Copy, from the material below, each line that contains the word "FOAM".

[[ Data listing, beginning ]]

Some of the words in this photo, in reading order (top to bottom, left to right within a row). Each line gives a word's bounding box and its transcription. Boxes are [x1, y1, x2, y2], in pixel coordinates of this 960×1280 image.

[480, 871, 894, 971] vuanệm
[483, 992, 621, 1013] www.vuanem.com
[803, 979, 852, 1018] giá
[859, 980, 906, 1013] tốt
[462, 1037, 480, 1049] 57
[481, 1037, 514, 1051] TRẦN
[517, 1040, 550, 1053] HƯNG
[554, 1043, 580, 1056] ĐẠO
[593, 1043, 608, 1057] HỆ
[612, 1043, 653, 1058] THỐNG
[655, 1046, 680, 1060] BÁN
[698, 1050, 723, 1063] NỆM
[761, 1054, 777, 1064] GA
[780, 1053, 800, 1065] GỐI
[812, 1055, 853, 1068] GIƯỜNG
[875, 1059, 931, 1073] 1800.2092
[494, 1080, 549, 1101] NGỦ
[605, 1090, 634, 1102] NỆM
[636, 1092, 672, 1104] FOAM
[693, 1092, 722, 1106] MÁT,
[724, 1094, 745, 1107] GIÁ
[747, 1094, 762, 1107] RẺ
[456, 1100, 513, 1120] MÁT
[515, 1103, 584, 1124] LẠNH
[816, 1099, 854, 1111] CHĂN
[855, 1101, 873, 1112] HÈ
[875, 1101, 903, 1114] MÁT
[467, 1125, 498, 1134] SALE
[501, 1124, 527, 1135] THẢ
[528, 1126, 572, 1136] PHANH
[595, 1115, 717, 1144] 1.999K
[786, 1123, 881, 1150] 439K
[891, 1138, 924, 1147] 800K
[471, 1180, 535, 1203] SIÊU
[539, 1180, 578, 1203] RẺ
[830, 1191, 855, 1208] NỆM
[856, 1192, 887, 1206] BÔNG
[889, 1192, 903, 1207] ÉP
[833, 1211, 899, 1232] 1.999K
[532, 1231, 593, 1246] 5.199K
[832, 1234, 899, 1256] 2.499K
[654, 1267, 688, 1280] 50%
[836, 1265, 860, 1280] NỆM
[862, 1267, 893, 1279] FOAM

[[ Data listing, end ]]

= Result of this task =
[636, 1092, 672, 1104] FOAM
[862, 1267, 893, 1279] FOAM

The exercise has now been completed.